■ What to produce ■
Copy out the data below as written; omit any images.

Stored records:
::::

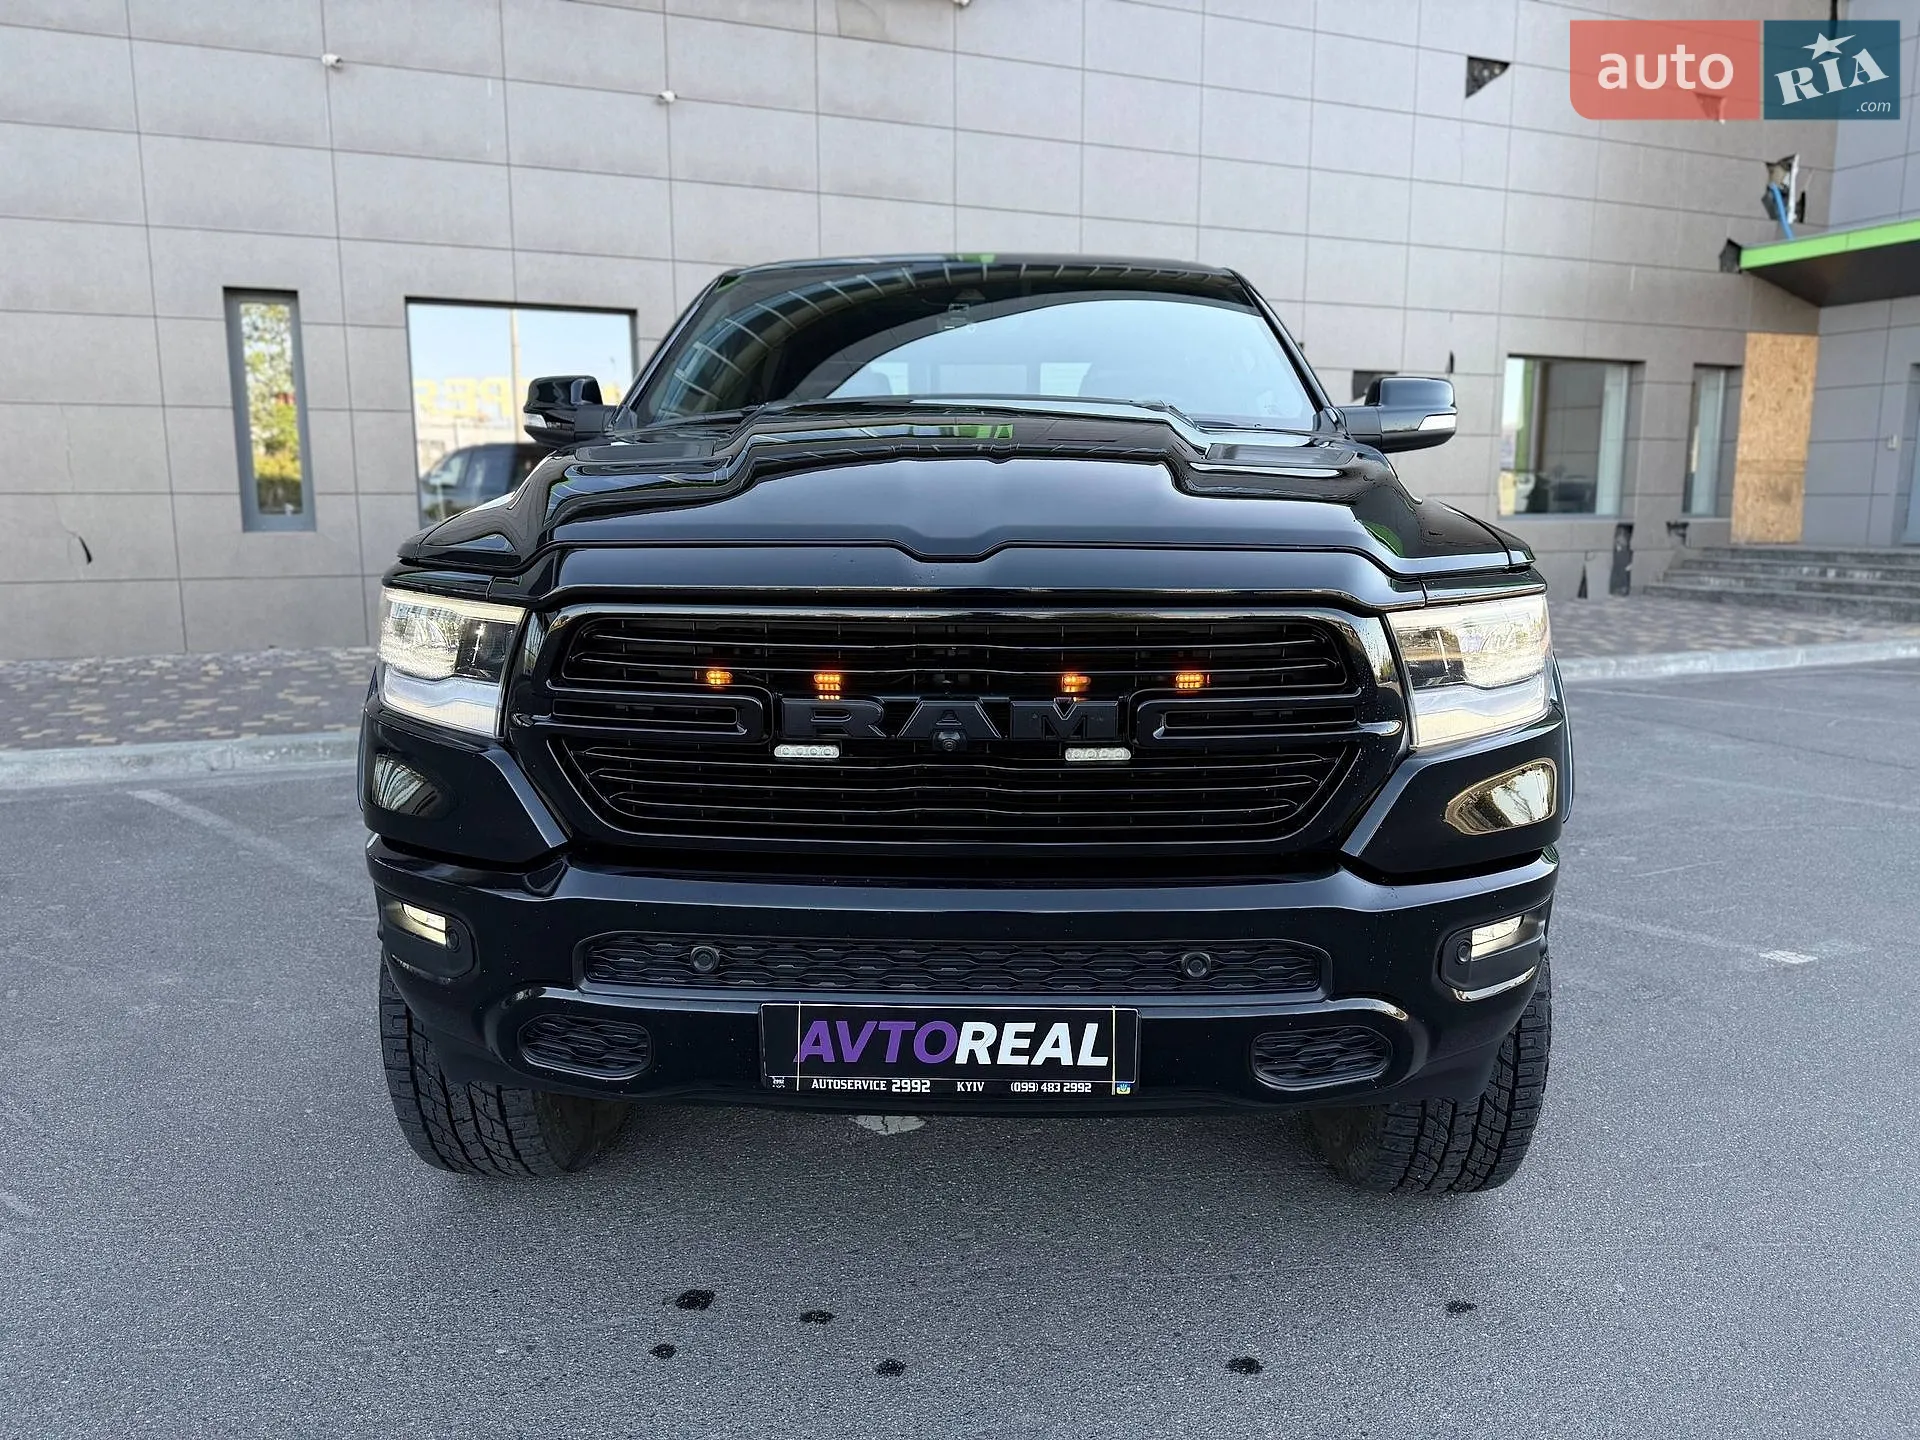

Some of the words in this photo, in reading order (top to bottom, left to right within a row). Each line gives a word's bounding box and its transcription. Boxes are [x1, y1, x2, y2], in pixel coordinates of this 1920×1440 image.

[781, 698, 1118, 740] RAM
[793, 1020, 1109, 1067] AVTOREAL
[811, 1079, 887, 1091] AUTOSERVICE
[891, 1079, 931, 1093] 2992
[957, 1081, 984, 1092] KYIV
[1010, 1082, 1039, 1093] (099)
[1040, 1082, 1060, 1093] 483
[1064, 1082, 1091, 1093] 2992
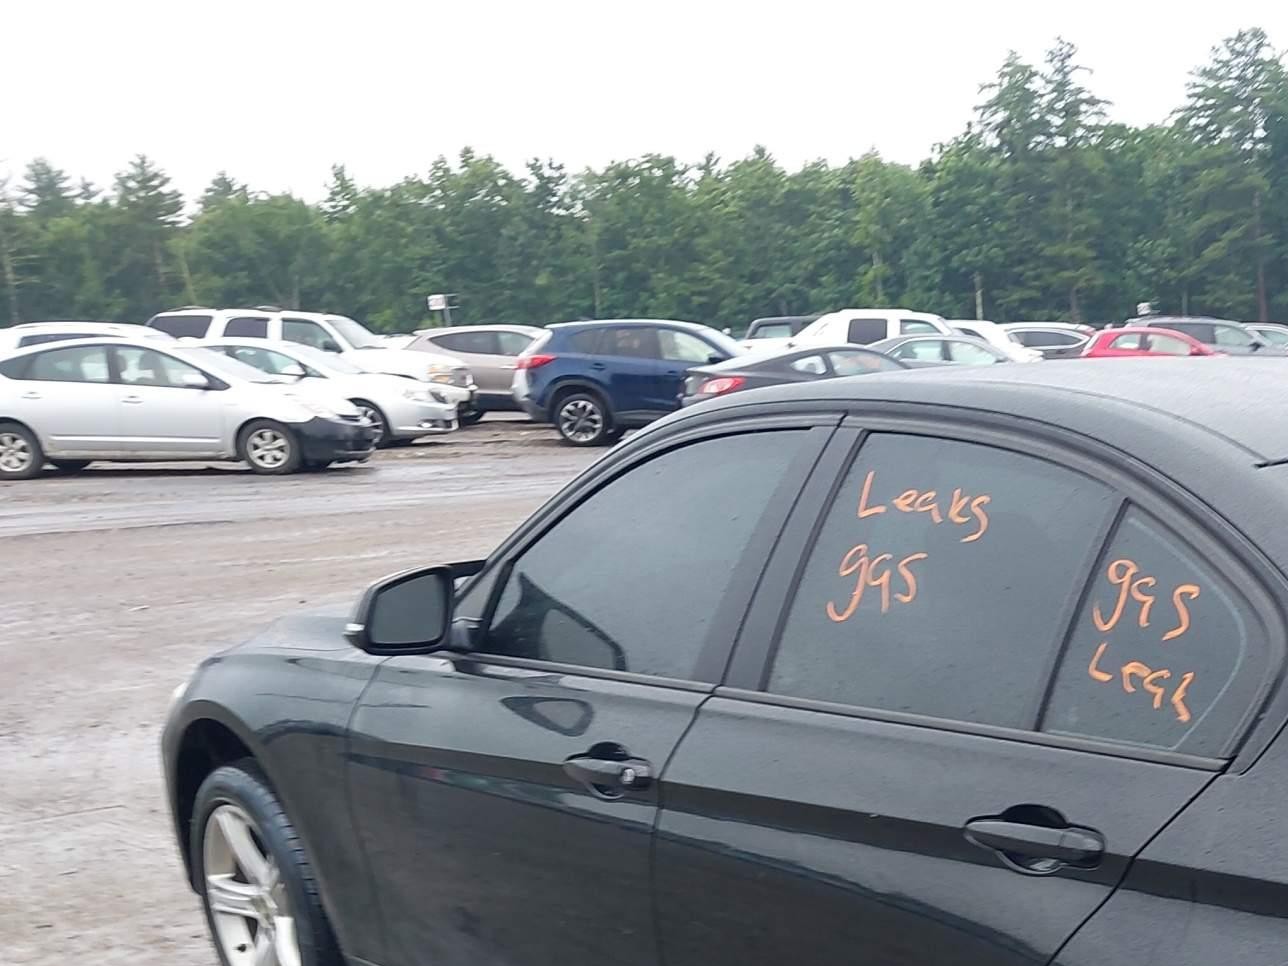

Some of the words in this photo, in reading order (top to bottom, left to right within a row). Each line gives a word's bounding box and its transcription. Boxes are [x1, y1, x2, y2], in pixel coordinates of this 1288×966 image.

[857, 471, 992, 542] Leaks
[826, 544, 929, 622] gas
[1092, 559, 1201, 641] gas

::::

■ Output for this exercise ■
Some of the words in this photo, in reading order (top to bottom, left to right within a row). Each line gives a word's bounding box and its transcription. Boxes are [x1, y1, x2, y2], in pixel coordinates of this 1920×1440 image.

[781, 698, 1118, 740] RAM
[793, 1020, 1109, 1067] AVTOREAL
[811, 1079, 887, 1091] AUTOSERVICE
[891, 1079, 931, 1093] 2992
[957, 1081, 984, 1092] KYIV
[1010, 1082, 1039, 1093] (099)
[1040, 1082, 1060, 1093] 483
[1064, 1082, 1091, 1093] 2992

Some of the words in this photo, in reading order (top to bottom, left to right within a row). Each line gives a word's bounding box and its transcription. Boxes are [x1, y1, x2, y2], in pixel coordinates of this 1288×966 image.

[857, 471, 992, 542] Leaks
[826, 544, 929, 622] gas
[1092, 559, 1201, 641] gas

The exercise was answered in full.